Mina deflected a high kick, counter attacking with a kick of her own, striking Hitomi in the gut and winding her. Mina brought about the end of her staff, smacking Hitomi in the side of the head. The blow was not particularly heavy, but it was enough to daze her, and Mina raised the blade triumphantly, swinging it hard in a downward arc. At the last moment Hitomi raised her arm to block it, and screamed as the blade's impact dented the ribbing, the resulting shockwave breaking something in Hitomi's arm, dropping her to her knees. Mina raised the blade again, ready to stab it through her opponent's heart. But Hitomi was not done yet. Gritting her teeth against the pain, she snapped out with her leg, kicking Mina just above the knee. She missed the knee joint itself, but it was enough to but Mina off her swing. Hitomi rose to her full height, driving her good fist into Mina's gut. She stopped herself from relishing the squishy feeling, instead moving into a sharp uppercut that snapped Mina's head back. Hitomi drew back her arm again, reaching out with the heaviest punch she knew how to throw. Mina was flung across the ring, her battered body bouncing three times before sliding to a stop, trailing a thick line of blood. Hitomi, her energy spent, collapsed to her knees, clutching her broken arm.
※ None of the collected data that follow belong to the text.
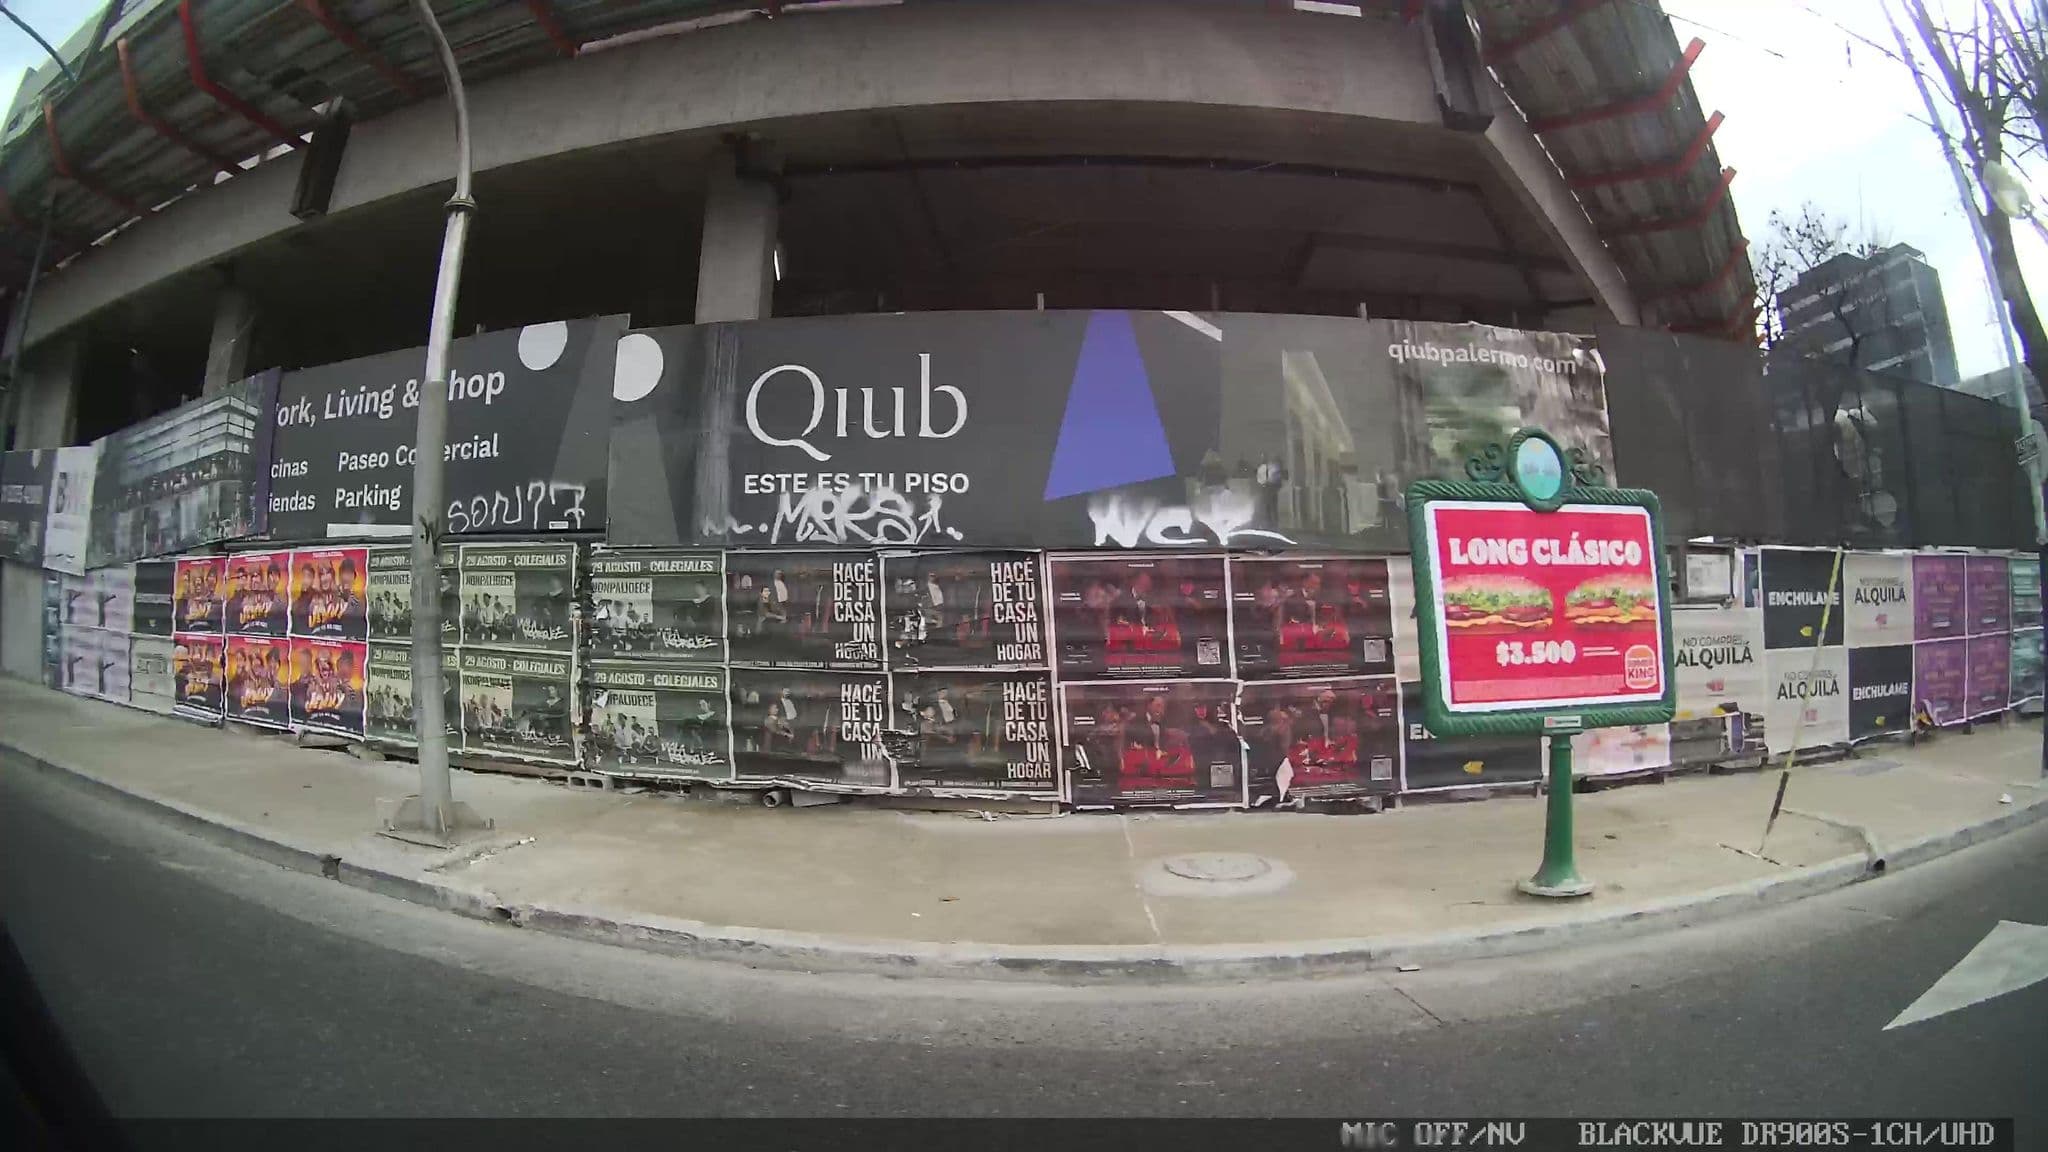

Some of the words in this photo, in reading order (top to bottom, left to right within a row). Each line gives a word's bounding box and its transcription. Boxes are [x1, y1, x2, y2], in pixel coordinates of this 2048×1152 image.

[1388, 340, 1577, 374] qiubpalermocom
[276, 396, 316, 427] ork,
[324, 383, 396, 420] Living
[402, 378, 420, 408] &
[448, 369, 505, 405] hop
[745, 353, 967, 461] Qiub
[338, 449, 389, 472] Paseo
[395, 433, 500, 466] Coercial
[744, 473, 807, 494] ESTE
[817, 473, 850, 493] ES
[857, 473, 894, 493] TU
[906, 473, 969, 494] PISO
[335, 484, 401, 511] Parking
[1449, 537, 1528, 566] LONG
[1532, 532, 1642, 566] CLÁSICO
[514, 554, 566, 566] COLEGIALES
[605, 561, 641, 573] AGOSTO
[650, 561, 713, 572] COLEGIALES
[833, 558, 874, 582] HACÉ
[991, 557, 1034, 582] HACÉ
[833, 583, 852, 601] DE
[855, 583, 875, 601] TU
[992, 583, 1012, 602] DE
[1015, 582, 1035, 601] TU
[834, 602, 875, 622] CASA
[993, 602, 1037, 622] CASA
[854, 623, 875, 642] UN
[1015, 623, 1038, 643] UN
[997, 644, 1041, 661] HOGAR
[1496, 640, 1576, 667] $3.500
[1675, 641, 1753, 669] ALQUILÁ
[465, 656, 475, 666] 29
[476, 657, 506, 670] AGOSTO
[513, 660, 565, 674] COLEGIALES
[594, 673, 606, 684] 29
[608, 673, 645, 685] AGOSTO
[654, 675, 718, 688] COLEGIALES
[1003, 677, 1046, 701] HACÉ
[841, 680, 882, 703] HACÉ
[841, 703, 860, 720] DE
[863, 703, 882, 721] TU
[1004, 702, 1024, 720] DE
[1027, 702, 1047, 720] TU
[842, 722, 880, 742] CASA
[1005, 721, 1049, 742] CASA
[1026, 742, 1049, 762] UN
[1007, 763, 1051, 779] HOGAR
There was a hushed silence at the sudden brutality of the match.

"Hitomi wins," I announced, repairing her arm as quickly as I could, before knitting together the broken body of Seung Mina. I breathed life back into the corpse, and the ring disappeared, all of the fighters now gathered in that strange limbo that I had gathered them in at the beginning.

"Now," I said, "The next battle is among us. The two participants shall be Gen Fu, and Heihachi!"